**What to work on**: Print the records below exactly, with no pictures.

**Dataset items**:
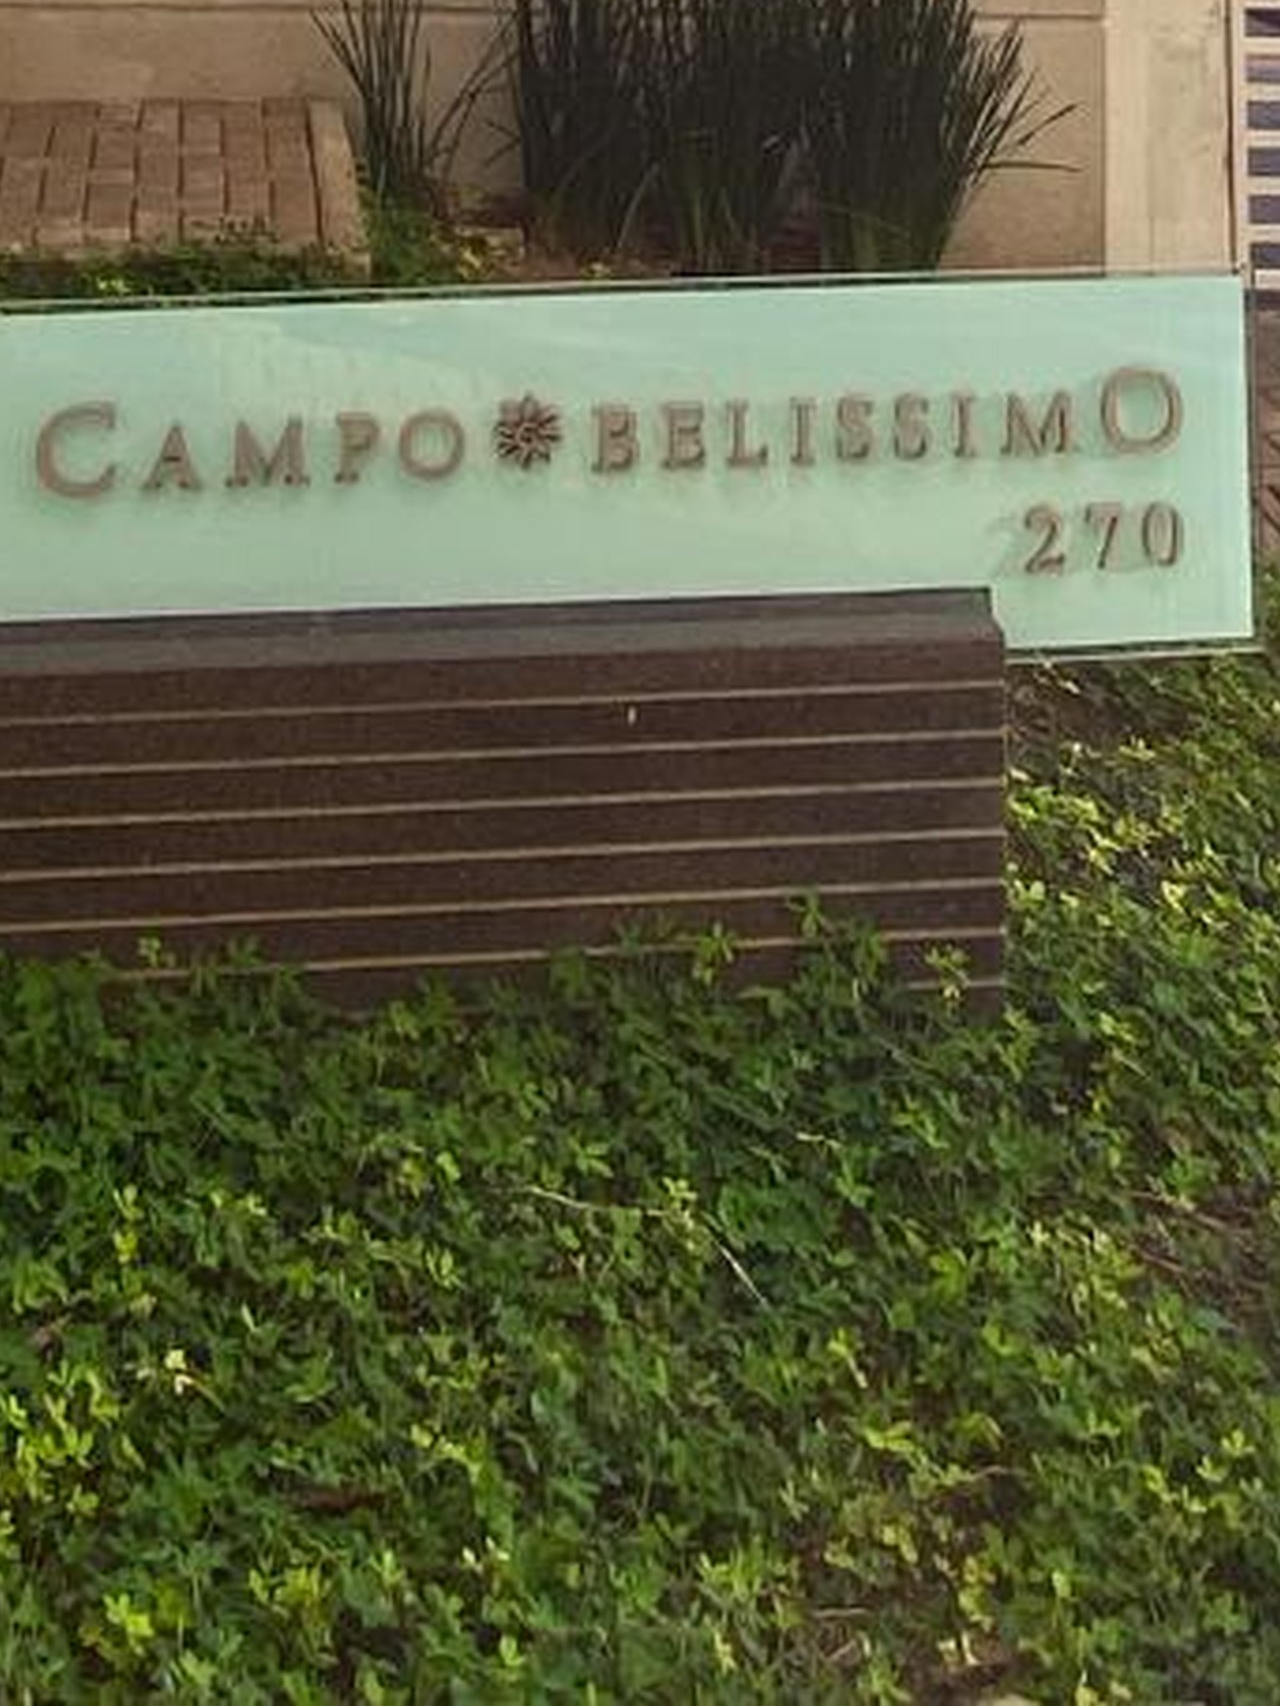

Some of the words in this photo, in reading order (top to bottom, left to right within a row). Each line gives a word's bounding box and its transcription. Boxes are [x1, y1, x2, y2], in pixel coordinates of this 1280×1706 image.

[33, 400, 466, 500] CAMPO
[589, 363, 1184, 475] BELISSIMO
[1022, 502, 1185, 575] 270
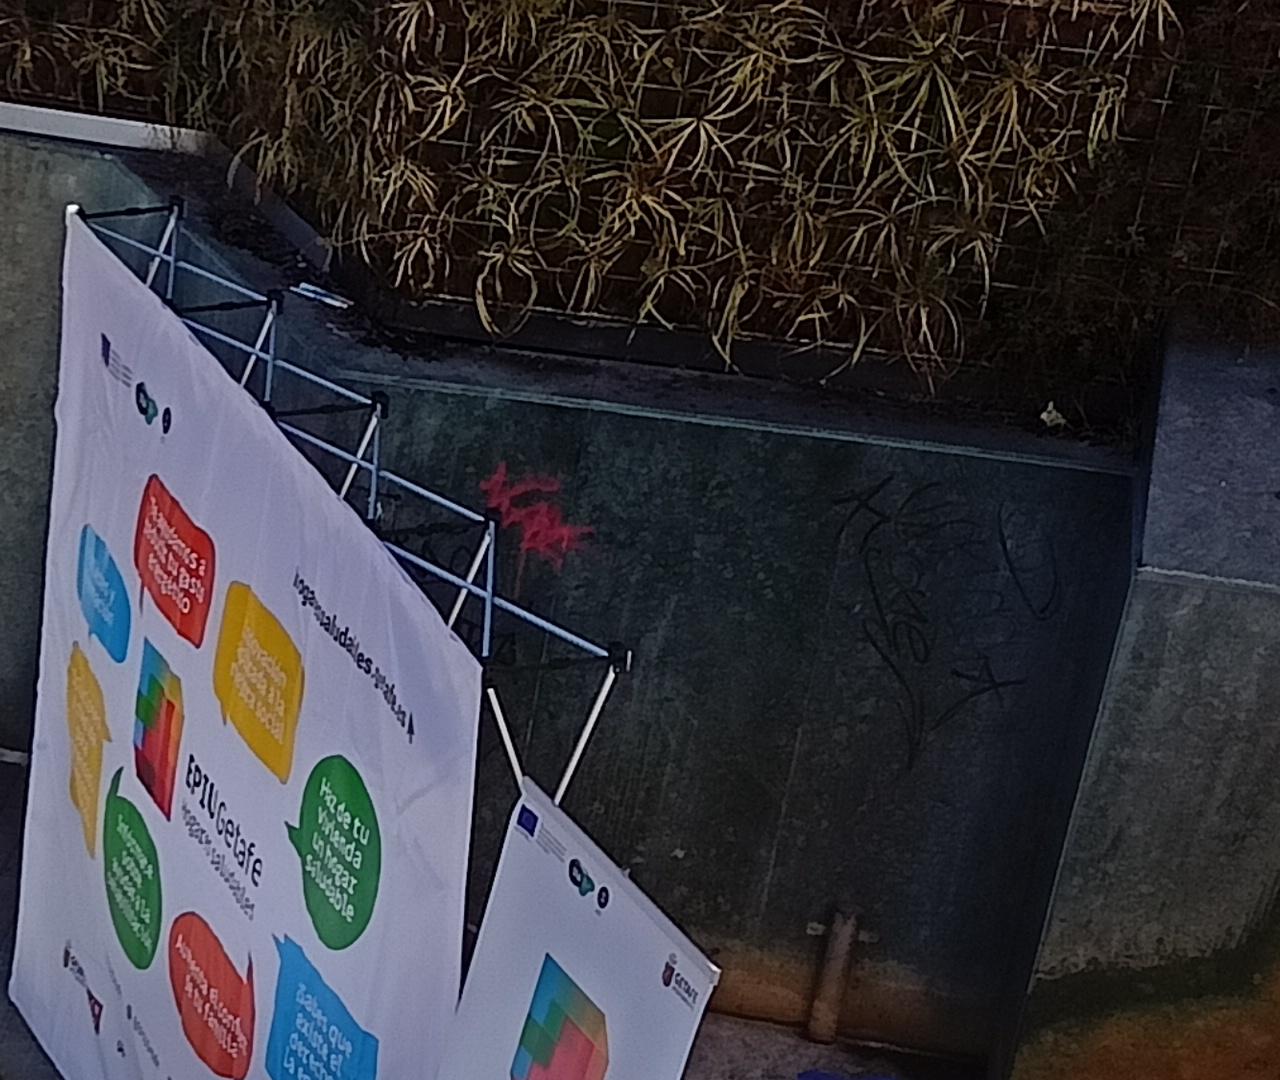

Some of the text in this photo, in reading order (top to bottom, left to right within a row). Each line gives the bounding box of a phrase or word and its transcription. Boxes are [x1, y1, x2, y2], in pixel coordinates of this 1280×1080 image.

**Completed task**:
Some of the words in this photo, in reading order (top to bottom, left to right within a row). Each line gives a word's bounding box and its transcription. Boxes are [x1, y1, x2, y2], in pixel coordinates of this 1280×1706 image.

[33, 400, 466, 500] CAMPO
[589, 363, 1184, 475] BELISSIMO
[1022, 502, 1185, 575] 270

Some of the text in this photo, in reading order (top to bottom, left to right within a row). Each line gives the bounding box of a phrase or word and its transcription. Boxes are [x1, y1, x2, y2], in pixel coordinates of this 1280×1080 image.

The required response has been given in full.